▶ [Assigned task] Could you restate all of the records below exactly, with the pictures left out?

=== Begin Enclosure ===

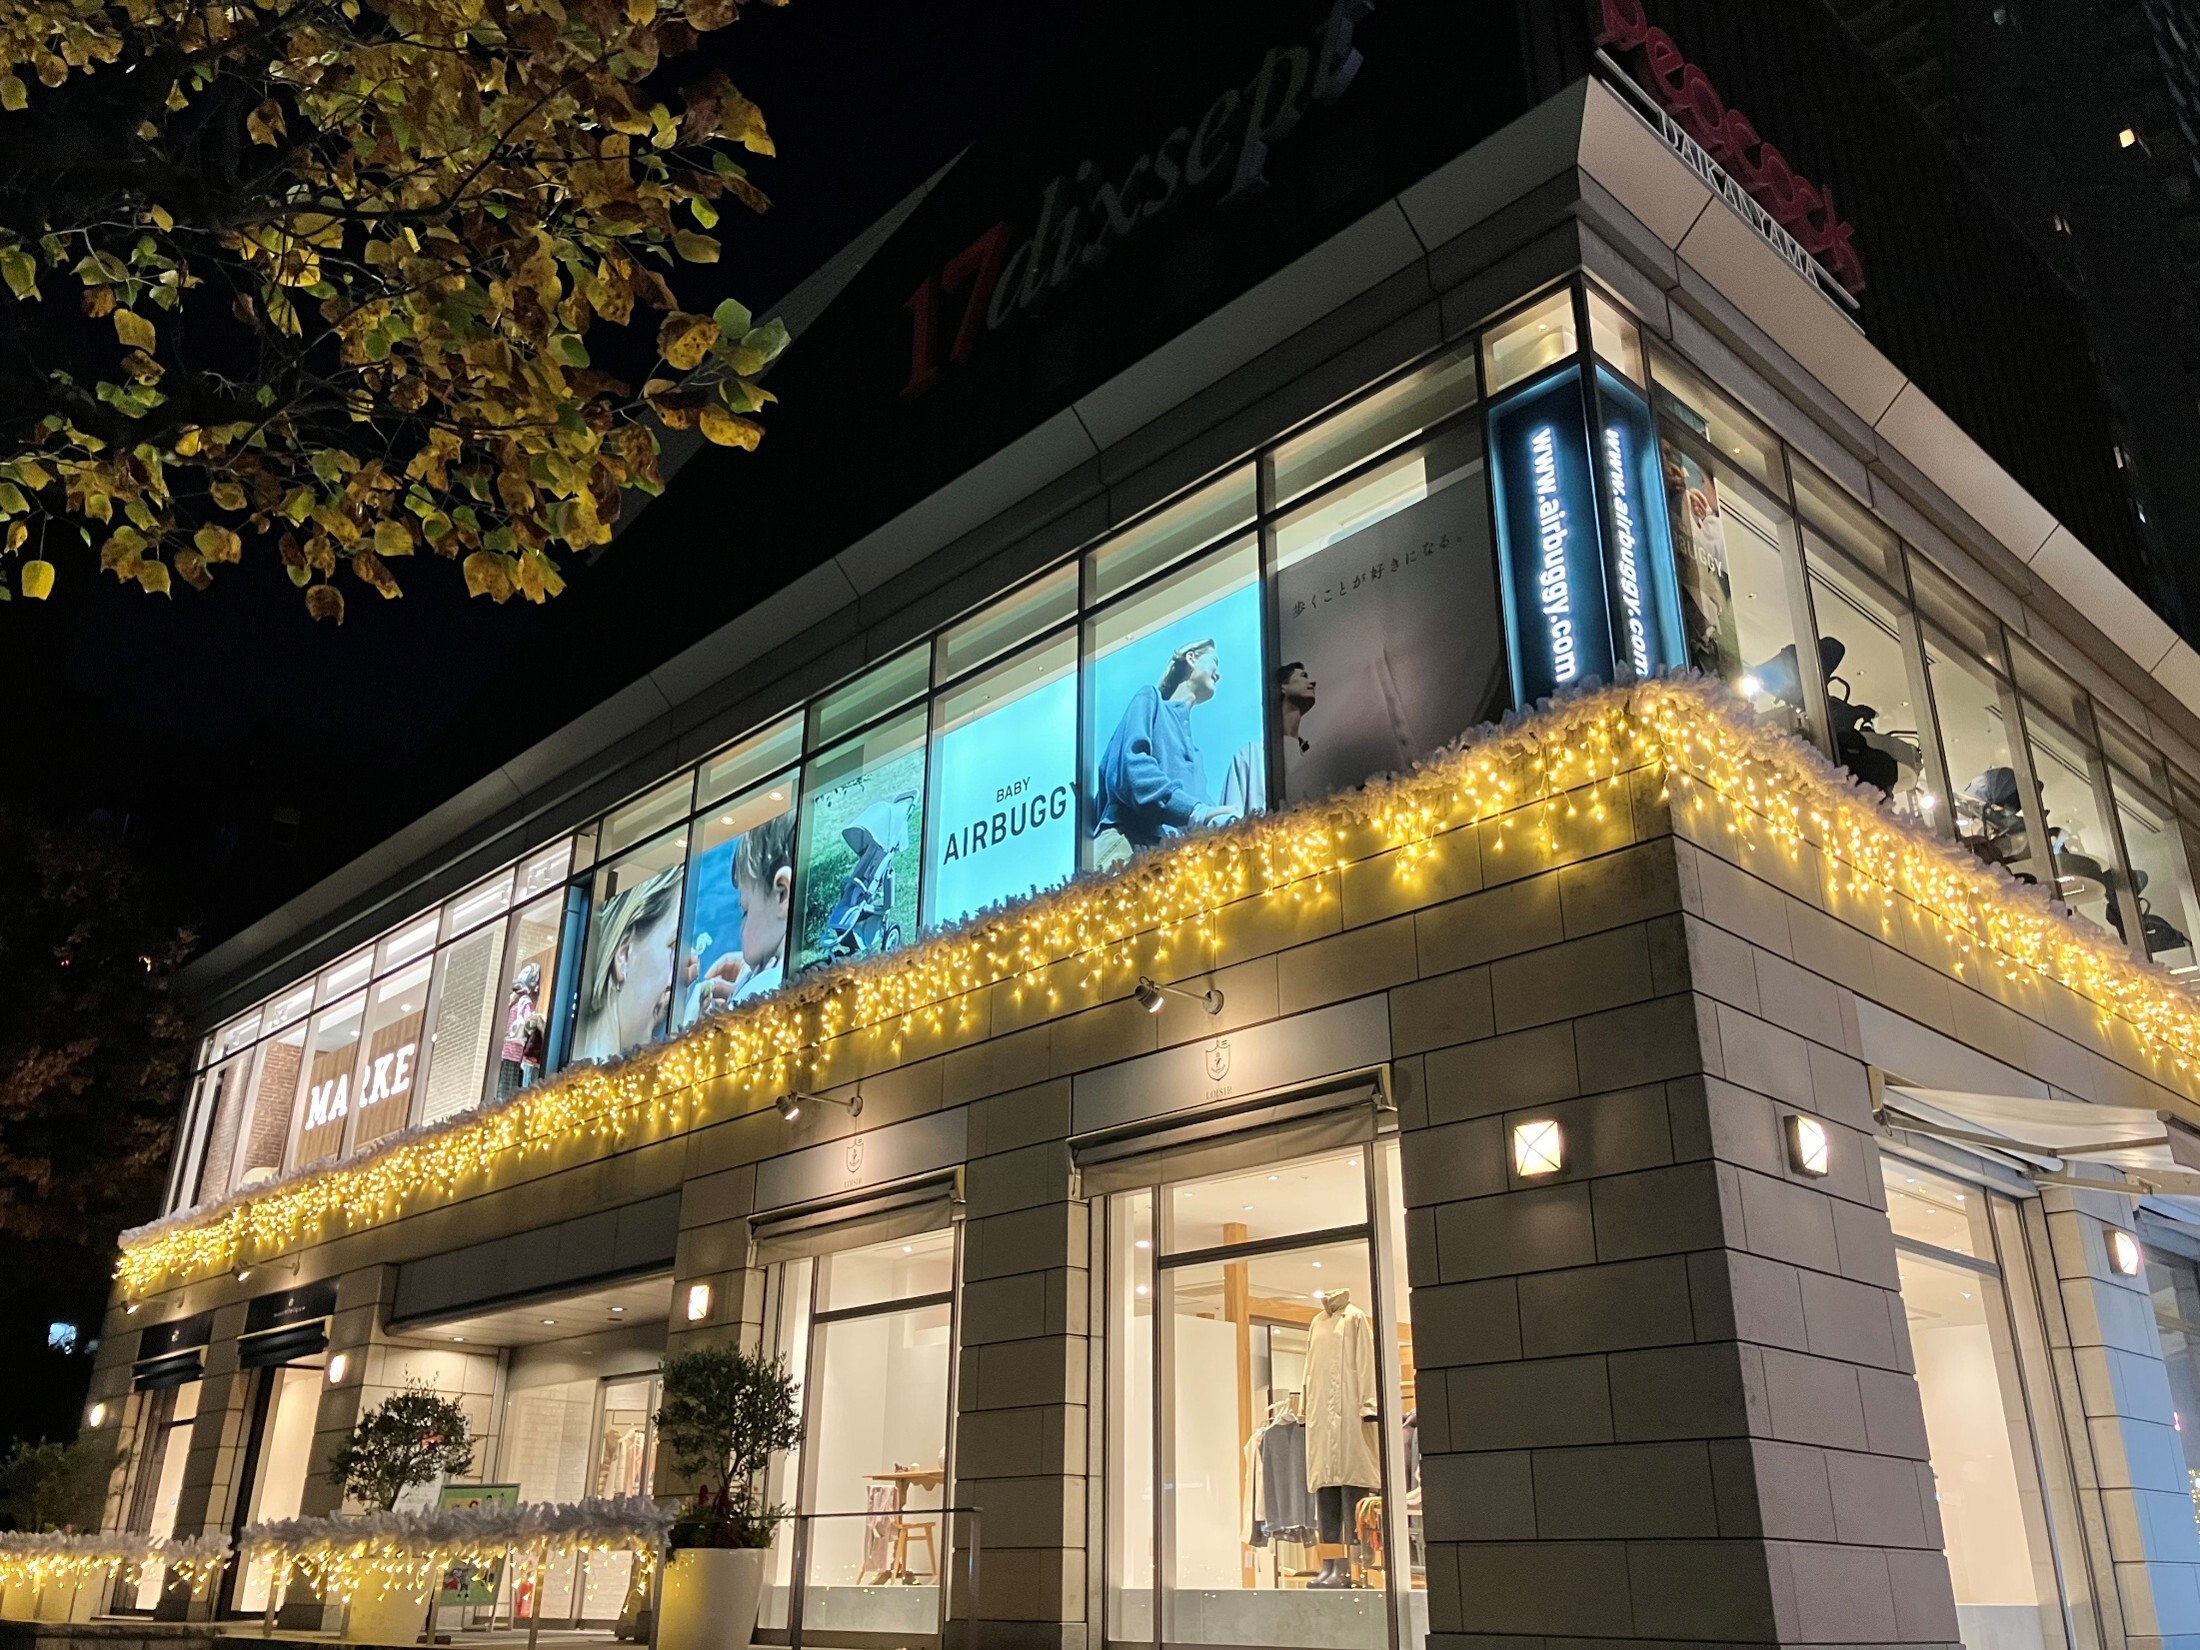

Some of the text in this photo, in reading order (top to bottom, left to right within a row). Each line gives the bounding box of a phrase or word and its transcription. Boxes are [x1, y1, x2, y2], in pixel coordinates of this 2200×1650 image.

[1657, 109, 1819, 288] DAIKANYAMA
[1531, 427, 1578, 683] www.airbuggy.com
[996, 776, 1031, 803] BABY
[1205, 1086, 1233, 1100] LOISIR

=== End Enclosure ===

▶ [Output for this task]
Some of the text in this photo, in reading order (top to bottom, left to right within a row). Each line gives the bounding box of a phrase or word and its transcription. Boxes are [x1, y1, x2, y2], in pixel coordinates of this 2200×1650 image.

[1657, 109, 1819, 288] DAIKANYAMA
[1531, 427, 1578, 683] www.airbuggy.com
[996, 776, 1031, 803] BABY
[1205, 1086, 1233, 1100] LOISIR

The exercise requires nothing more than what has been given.